Shining a light on shadow AI

Whatever you do to tackle these risks, adding each new shadow AI tool you find to a “deny list” won’t cut it. You need to acknowledge these technologies are being used, understand how extensively and for what purposes, and then create a realistic acceptable use policy. This should go hand in hand with in-house testing and due diligence on AI vendors, to understand where security and compliance risks exist in certain tools.

No two organizations are the same. So build your policies around your corporate risk appetite. Where certain tools are banned, try to have alternatives that users could be persuaded to migrate to. And create a seamless process for employees to request access to new ones you haven’t discovered yet.

Combine this with end-user education. Let staff know what they may be risking by using shadow AI. Serious data breaches sometimes end in corporate inertia, stalled digital transformation and even job losses.
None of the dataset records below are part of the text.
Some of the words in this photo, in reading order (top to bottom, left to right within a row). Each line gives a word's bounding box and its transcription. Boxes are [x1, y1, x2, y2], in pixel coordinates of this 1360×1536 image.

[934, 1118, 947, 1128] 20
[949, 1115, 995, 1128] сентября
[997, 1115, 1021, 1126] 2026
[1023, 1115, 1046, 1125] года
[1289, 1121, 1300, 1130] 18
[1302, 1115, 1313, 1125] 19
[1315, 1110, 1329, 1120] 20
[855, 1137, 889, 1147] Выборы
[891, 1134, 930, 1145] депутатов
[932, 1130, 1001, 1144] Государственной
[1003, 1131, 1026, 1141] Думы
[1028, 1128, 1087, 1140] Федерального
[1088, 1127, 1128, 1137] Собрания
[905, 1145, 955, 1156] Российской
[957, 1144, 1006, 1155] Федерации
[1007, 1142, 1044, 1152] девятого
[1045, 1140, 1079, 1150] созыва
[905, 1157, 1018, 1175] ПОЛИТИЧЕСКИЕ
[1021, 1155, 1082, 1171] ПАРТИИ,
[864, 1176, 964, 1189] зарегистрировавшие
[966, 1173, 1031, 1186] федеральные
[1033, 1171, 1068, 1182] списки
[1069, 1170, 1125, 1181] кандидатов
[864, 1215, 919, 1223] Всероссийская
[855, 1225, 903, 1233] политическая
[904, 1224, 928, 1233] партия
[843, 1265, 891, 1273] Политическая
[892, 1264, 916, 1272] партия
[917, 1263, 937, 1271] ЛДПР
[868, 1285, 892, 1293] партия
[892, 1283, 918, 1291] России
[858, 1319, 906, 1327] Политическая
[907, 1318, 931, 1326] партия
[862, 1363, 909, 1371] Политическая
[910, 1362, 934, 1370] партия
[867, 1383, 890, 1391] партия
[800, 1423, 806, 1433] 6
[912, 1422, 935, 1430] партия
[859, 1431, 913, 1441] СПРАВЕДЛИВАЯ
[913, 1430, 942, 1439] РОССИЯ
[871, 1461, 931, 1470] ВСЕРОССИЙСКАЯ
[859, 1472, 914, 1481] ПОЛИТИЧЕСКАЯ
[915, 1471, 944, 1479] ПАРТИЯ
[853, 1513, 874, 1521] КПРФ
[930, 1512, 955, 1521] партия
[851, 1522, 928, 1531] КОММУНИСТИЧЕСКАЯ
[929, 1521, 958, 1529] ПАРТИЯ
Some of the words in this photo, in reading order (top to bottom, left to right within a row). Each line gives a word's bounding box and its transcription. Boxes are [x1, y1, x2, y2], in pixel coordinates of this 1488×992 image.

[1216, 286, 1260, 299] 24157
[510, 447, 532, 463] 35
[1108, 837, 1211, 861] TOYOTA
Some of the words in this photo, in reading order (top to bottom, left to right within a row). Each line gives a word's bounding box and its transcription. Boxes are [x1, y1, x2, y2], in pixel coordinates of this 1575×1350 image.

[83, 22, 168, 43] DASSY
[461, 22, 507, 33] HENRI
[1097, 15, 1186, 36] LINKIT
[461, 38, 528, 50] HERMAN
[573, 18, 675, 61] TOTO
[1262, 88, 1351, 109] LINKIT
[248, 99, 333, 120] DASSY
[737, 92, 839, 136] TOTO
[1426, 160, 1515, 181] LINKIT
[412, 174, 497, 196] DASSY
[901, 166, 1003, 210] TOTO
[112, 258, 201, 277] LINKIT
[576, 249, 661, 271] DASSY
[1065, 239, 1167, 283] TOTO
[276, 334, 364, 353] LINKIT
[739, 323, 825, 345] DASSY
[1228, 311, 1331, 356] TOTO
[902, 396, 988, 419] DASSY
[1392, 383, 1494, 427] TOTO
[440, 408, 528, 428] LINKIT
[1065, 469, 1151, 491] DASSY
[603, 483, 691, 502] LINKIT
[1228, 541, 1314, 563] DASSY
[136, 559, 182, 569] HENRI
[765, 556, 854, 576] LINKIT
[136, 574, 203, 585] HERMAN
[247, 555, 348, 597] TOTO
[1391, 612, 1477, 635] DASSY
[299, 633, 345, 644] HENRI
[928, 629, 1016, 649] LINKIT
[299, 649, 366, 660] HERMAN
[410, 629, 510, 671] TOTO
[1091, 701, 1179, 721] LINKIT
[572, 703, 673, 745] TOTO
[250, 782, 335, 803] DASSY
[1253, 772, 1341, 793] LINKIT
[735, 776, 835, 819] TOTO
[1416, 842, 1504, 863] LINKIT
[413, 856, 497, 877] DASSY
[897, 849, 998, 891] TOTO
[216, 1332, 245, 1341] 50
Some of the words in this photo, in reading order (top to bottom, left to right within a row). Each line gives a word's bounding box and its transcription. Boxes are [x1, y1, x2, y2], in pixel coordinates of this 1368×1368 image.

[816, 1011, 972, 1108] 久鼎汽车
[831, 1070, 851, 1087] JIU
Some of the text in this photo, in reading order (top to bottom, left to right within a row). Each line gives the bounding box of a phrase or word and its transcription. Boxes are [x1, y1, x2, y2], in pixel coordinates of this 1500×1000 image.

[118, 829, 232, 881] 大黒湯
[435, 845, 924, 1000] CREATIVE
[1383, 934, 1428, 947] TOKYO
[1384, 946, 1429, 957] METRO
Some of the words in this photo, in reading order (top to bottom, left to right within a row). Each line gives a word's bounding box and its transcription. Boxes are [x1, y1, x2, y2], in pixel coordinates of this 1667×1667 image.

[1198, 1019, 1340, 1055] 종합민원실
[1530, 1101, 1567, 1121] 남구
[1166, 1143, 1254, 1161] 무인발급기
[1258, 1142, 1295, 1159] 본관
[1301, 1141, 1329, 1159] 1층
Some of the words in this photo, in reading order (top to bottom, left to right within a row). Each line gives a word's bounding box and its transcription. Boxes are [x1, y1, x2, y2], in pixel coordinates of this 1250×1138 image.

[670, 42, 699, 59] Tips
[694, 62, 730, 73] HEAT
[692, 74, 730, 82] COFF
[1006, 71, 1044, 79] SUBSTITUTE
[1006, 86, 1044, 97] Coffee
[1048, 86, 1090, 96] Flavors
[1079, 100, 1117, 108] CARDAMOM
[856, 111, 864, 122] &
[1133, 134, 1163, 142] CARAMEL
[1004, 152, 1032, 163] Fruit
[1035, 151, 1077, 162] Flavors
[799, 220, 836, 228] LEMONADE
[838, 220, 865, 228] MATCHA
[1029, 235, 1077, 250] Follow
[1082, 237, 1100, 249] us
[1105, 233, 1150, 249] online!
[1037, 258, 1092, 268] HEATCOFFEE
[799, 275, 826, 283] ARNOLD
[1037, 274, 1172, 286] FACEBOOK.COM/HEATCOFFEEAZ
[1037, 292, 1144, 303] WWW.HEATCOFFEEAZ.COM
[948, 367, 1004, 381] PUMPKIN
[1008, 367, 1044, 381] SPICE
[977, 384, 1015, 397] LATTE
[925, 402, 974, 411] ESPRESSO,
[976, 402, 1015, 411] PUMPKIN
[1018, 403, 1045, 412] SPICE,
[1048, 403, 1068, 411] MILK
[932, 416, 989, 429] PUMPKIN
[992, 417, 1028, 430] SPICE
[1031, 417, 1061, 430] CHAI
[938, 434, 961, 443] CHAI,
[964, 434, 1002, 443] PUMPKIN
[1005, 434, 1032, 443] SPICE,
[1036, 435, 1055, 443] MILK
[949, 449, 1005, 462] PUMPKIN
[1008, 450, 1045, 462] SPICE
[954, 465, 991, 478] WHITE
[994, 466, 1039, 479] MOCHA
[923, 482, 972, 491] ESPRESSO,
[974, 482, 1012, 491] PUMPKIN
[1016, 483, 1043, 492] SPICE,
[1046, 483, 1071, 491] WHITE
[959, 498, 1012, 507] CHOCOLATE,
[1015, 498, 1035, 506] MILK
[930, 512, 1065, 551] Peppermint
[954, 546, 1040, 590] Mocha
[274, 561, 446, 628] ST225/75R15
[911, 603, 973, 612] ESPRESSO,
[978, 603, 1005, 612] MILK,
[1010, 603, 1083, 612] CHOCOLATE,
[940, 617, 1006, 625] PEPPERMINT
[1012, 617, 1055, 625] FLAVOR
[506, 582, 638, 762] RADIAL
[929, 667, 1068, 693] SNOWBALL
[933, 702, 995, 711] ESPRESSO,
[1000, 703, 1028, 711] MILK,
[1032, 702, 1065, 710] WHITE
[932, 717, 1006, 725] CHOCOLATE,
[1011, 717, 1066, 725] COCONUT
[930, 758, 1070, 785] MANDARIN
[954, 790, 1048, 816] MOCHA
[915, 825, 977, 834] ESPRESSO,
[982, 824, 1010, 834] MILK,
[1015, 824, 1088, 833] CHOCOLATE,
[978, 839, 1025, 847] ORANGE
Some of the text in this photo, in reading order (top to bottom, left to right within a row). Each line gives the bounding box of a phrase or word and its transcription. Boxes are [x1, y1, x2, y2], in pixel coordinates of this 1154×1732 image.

And consider network monitoring and security tools to mitigate data leakage risks and improve visibility into AI use.

Cybersecurity has always been a balance between mitigating risk and supporting productivity. And overcoming the shadow AI challenge is no different. A big part of your job is to keep the organization secure and compliant. But it’s also to support business growth. And for many organizations, that growth in the coming years will be powered by AI.